HOW TO COMPLETE THIS TASK -> Please copy the last part of the entries exactly: the line that has "this 1440×1018 image." and every line up to and including the end, nothing more.

PROVIDED DATA ->
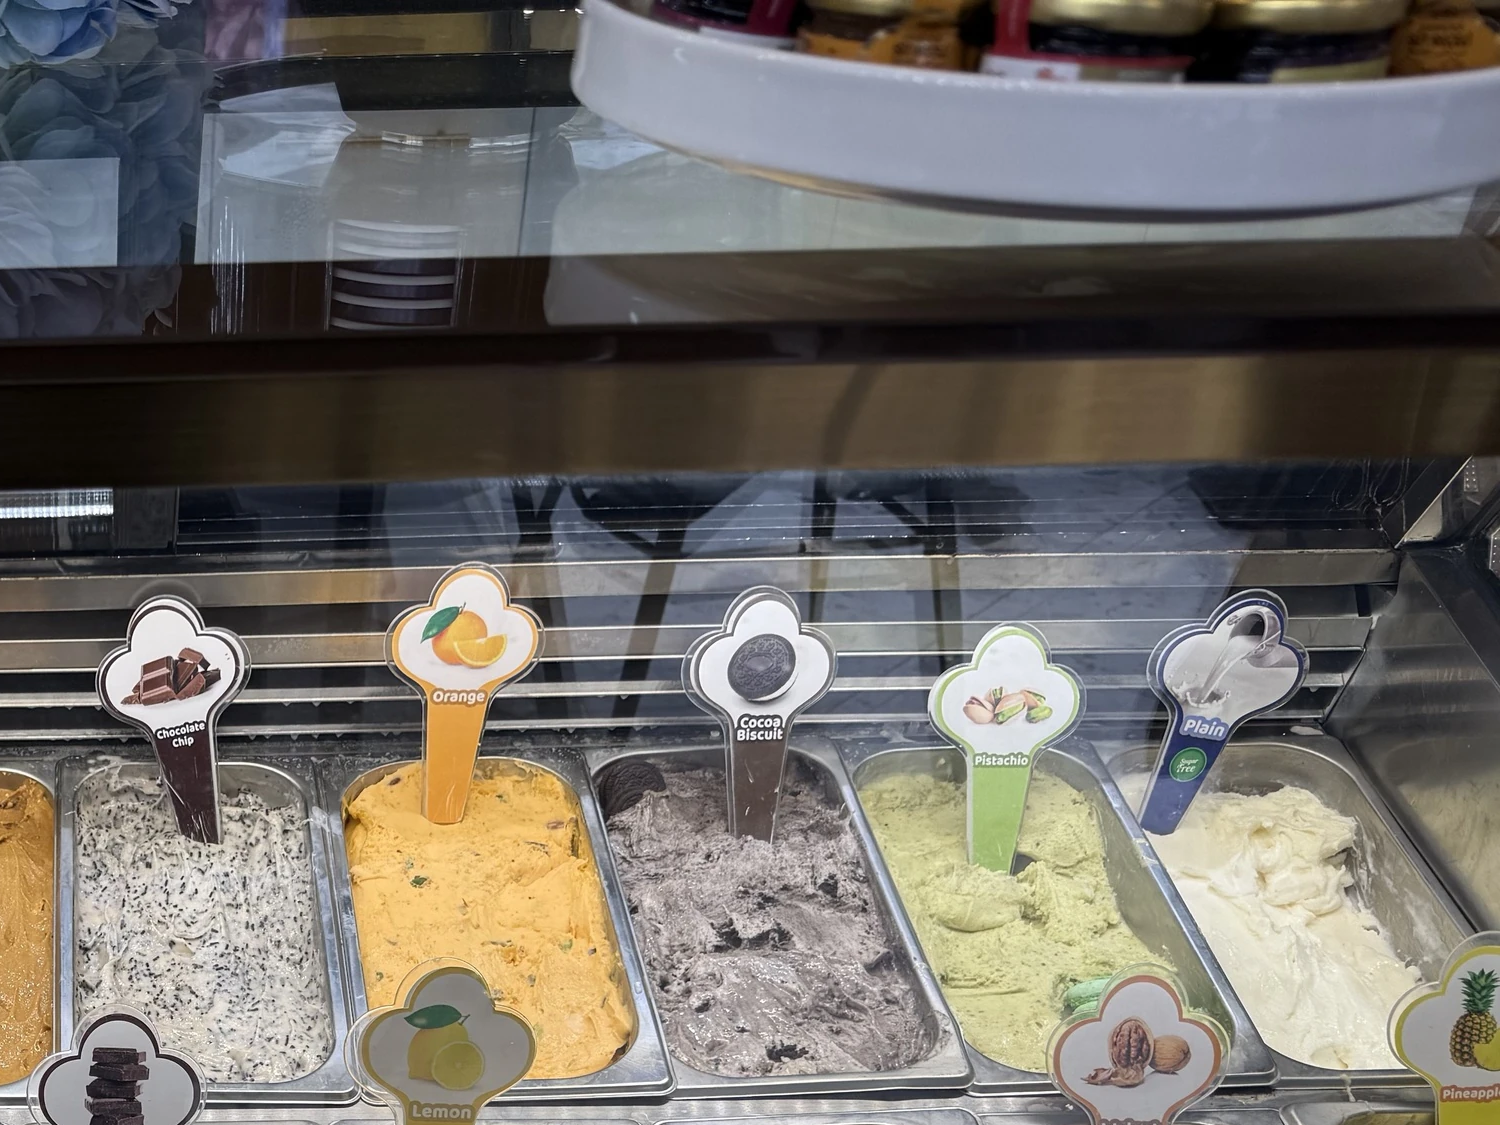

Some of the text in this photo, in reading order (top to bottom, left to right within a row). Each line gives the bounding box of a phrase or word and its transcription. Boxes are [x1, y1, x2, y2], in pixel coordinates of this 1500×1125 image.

[433, 691, 485, 705] Orange
[739, 716, 781, 728] Cocoa
[1183, 719, 1225, 739] Plain
[156, 721, 206, 740] Chocolate
[736, 728, 784, 742] Biscuit
[173, 735, 195, 748] Chip
[975, 753, 1029, 767] Pistachio
[1176, 764, 1196, 773] Free
[1443, 1086, 1500, 1100] Pineappl
[412, 1105, 472, 1120] Lemon
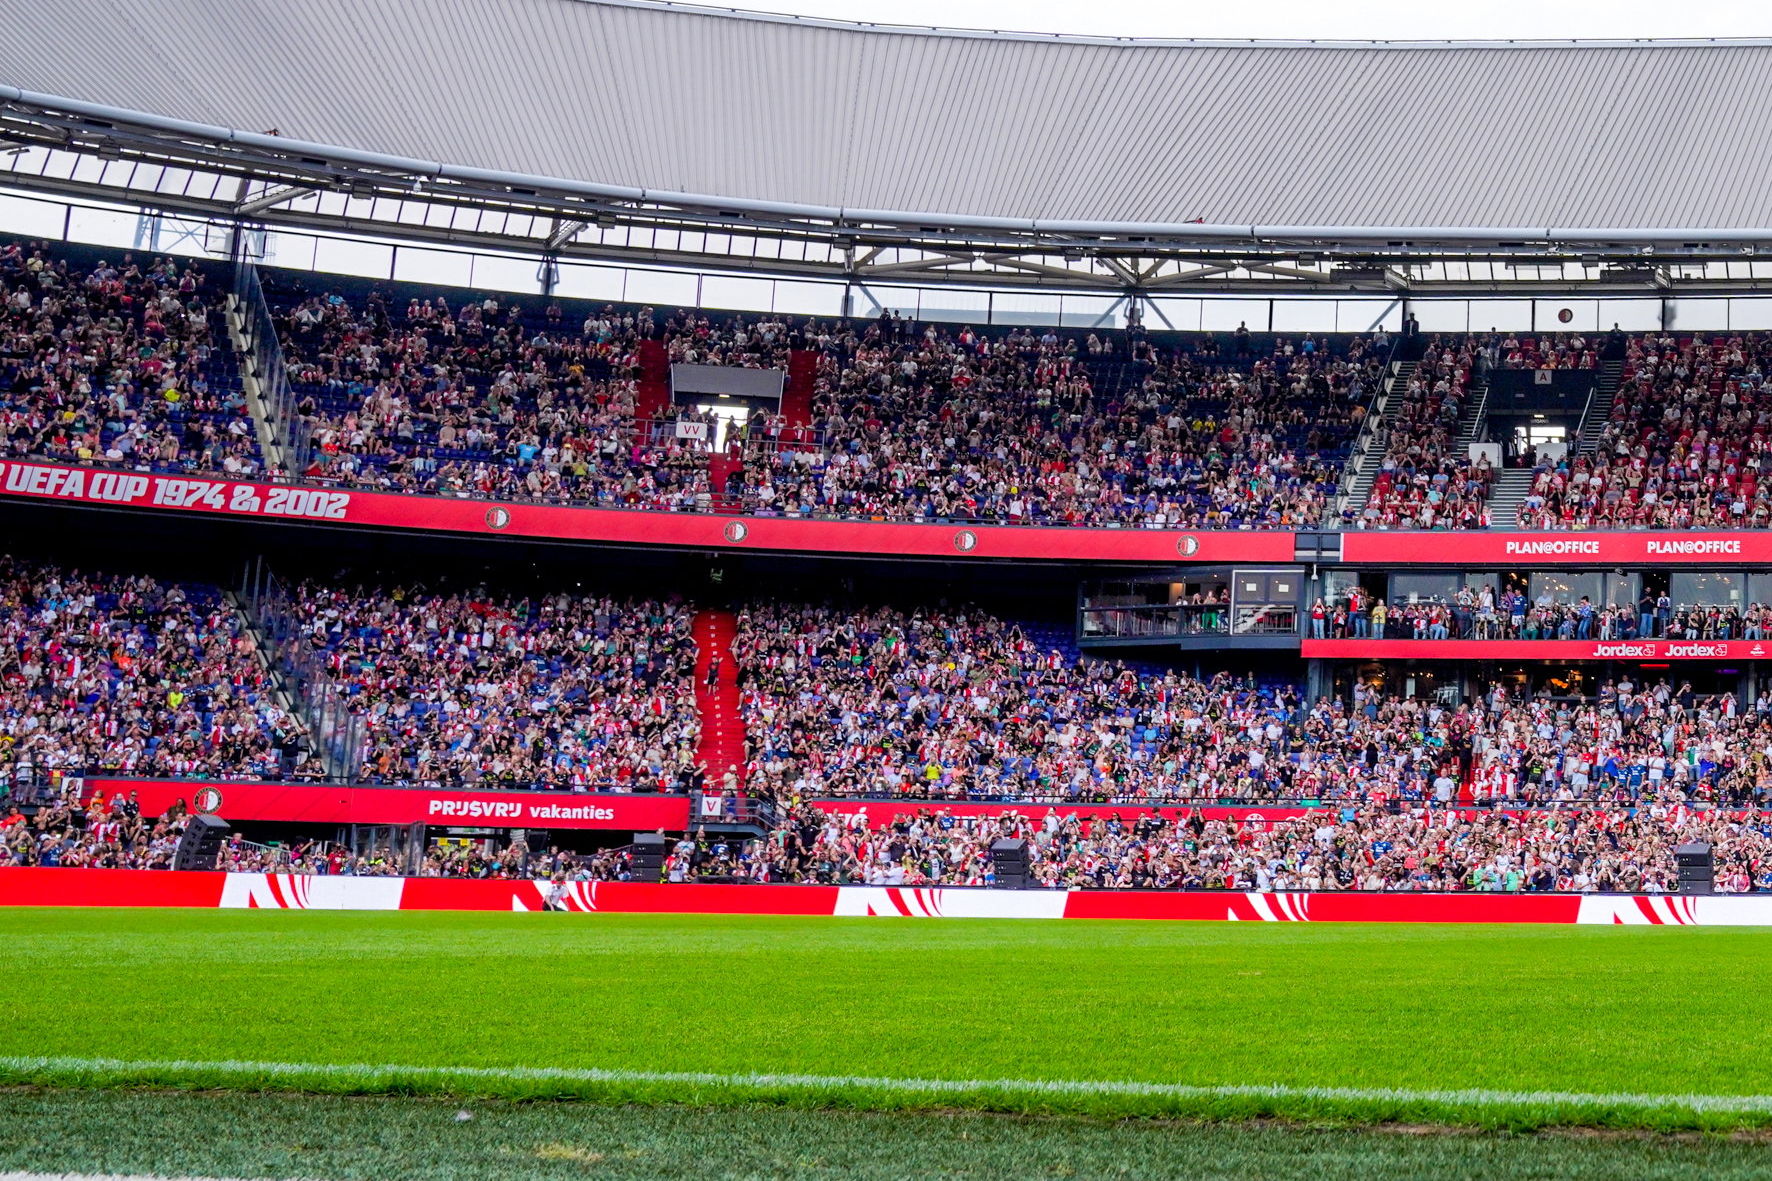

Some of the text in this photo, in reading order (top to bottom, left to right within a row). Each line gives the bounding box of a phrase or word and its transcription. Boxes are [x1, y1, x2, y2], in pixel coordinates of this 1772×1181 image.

[1540, 372, 1547, 381] A
[684, 425, 700, 435] VV
[6, 464, 84, 497] UEFA
[88, 472, 149, 502] CUP
[153, 477, 226, 510] 1974
[230, 484, 260, 512] &
[264, 487, 350, 519] 2002
[1506, 541, 1599, 554] PLAN@OFFICE
[1647, 540, 1741, 554] PLAN@OFFICE
[1593, 643, 1643, 657] Jordex
[1665, 643, 1715, 657] Jordex
[529, 804, 614, 820] vakanties
[706, 800, 717, 812] V
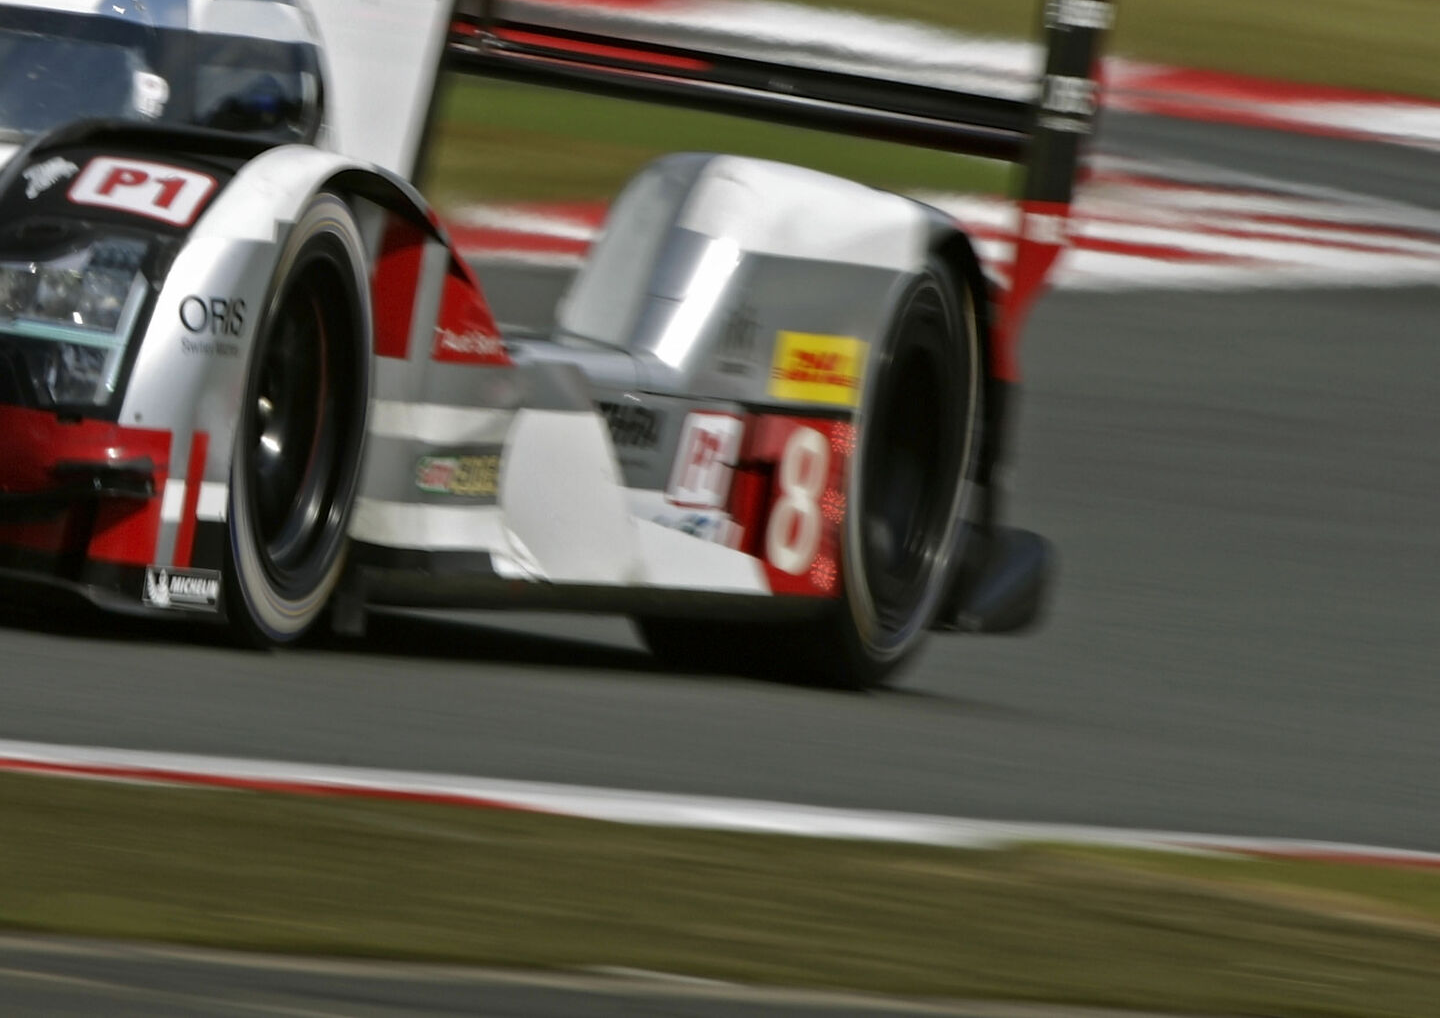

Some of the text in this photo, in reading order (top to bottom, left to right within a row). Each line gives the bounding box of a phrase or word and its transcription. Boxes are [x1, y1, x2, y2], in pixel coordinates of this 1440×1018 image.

[95, 166, 188, 211] P1
[179, 294, 248, 338] ORIS
[765, 425, 830, 576] 8
[170, 575, 220, 598] MICHELIN

SOLUTION TO THIS EXERCISE ->
Some of the text in this photo, in reading order (top to bottom, left to right within a row). Each line gives the bounding box of a phrase or word and its transcription. Boxes are [x1, y1, x2, y2], in pixel coordinates of this 1440×1018 image.

[95, 166, 188, 211] P1
[179, 294, 248, 338] ORIS
[765, 425, 830, 576] 8
[170, 575, 220, 598] MICHELIN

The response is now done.